Allied with structural biology methods, such as x-ray crystallography and cryo-electron microscopy, computational structure-based biomolecular simulation is an important part of the solution. At the simplest level, biomolecular simulation can be used to 'animate' the static pictures solved by structural biology, by finding the forces on the atoms, and hence solving for their dynamics. But we can also move beyond this, and use rigorous thermodynamics to predict the effects that changes in structures of potential drug molecules will have on binding to their target. Such approaches were employed by computational researchers all over the world during the COVID-19 pandemic to urgently provide new understanding of the SARS-CoV-2 virus and to design inhibitors of its function.
Although we know that the forces on the atoms should be calculated using the equations of quantum mechanics, these are much too computationally costly to solve routinely for biological problems. Instead the dynamics and interactions of biological molecules are typically computed using a simplified computational model, known as a force field. The force field models the atoms as bonded by springs, and interacting with each other through electrostatic and van der Waals forces. The strengths of these interactions are modelled by thousands of adjustable parameters, which have been tuned to reproduce experimental data. These force fields are an important enabling technology for biomolecular simulation scientists, and the accuracy of their predictions depends on the realism of the force field model and its parameters.

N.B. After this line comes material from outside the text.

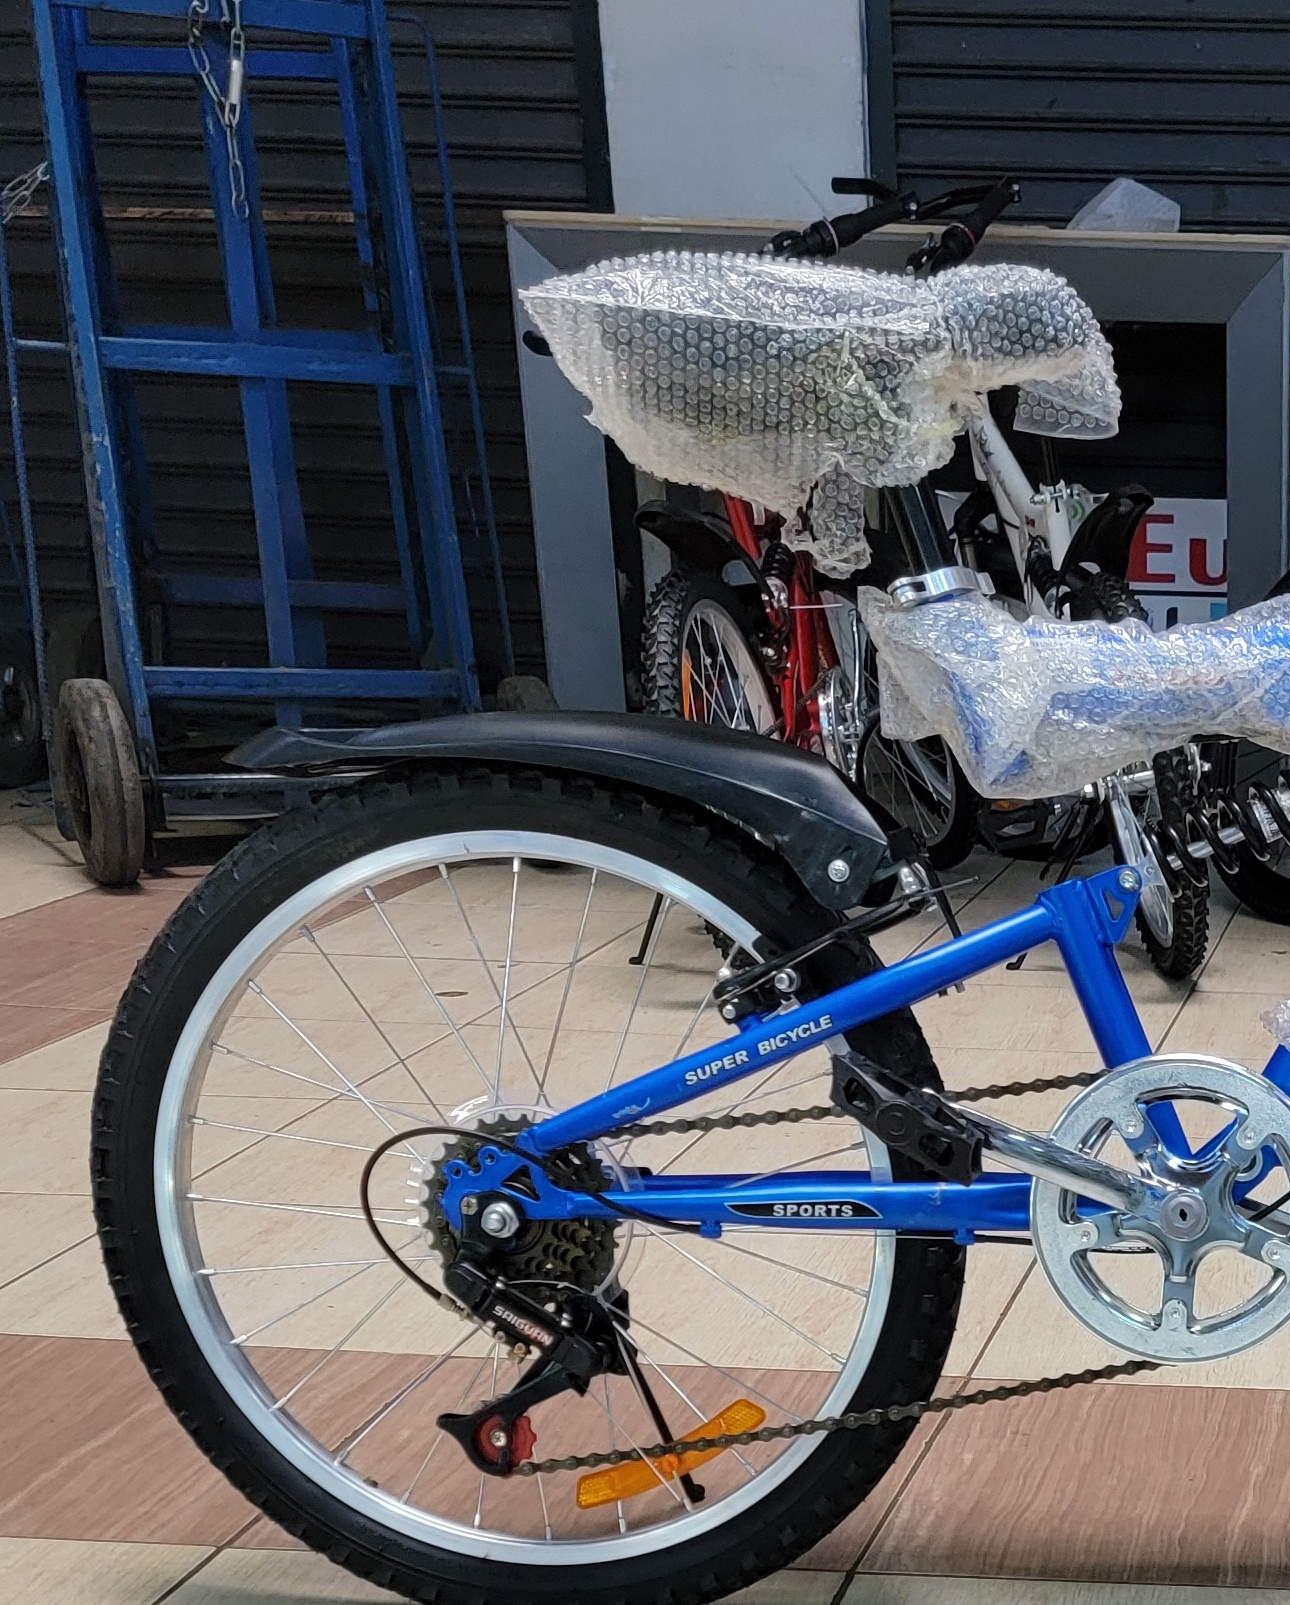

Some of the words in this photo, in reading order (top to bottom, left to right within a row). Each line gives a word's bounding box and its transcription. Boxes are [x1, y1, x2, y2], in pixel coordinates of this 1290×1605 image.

Traditionally, force field models evolved over periods of many decades. Design decisions taken early in the process became 'baked in', since re-training the model with new design rules was infeasible. The Open Force Field Initiative is an academic-industrial partnership aiming to advance the science and software infrastructure required to build the next generation of molecular mechanics force fields. In one example of our work from the first period of the Fellowship, we have co-developed a flexible framework to extend the Open Force Field software stack with custom force field models. In a proof-of-principle, we were able to train and test a new generalised force field model in a matter of weeks, rather than years, with improvements in accuracy over traditional force fields.
My vision for the renewal period of the Future Leaders Fellowship is to deploy this software infrastructure to rapidly move from new hypotheses to trained force field models, with unambiguous determination of the effects of design decisions on model accuracy. For example, I will test whether machine learning models trained on high-level quantum mechanical datasets yield accurate force field atomic charges, and whether accurate protein force field models can be built using the new force field models described above. Force field models that show requisite accuracy will be deployed in molecular design workflows. Through working with the project partners in the pharmaceutical industry and at an open science antiviral discovery initiative, I will showcase the accuracy improvements in structure-based biomolecular simulations that will translate to improved efficiency of the drug discovery pipeline.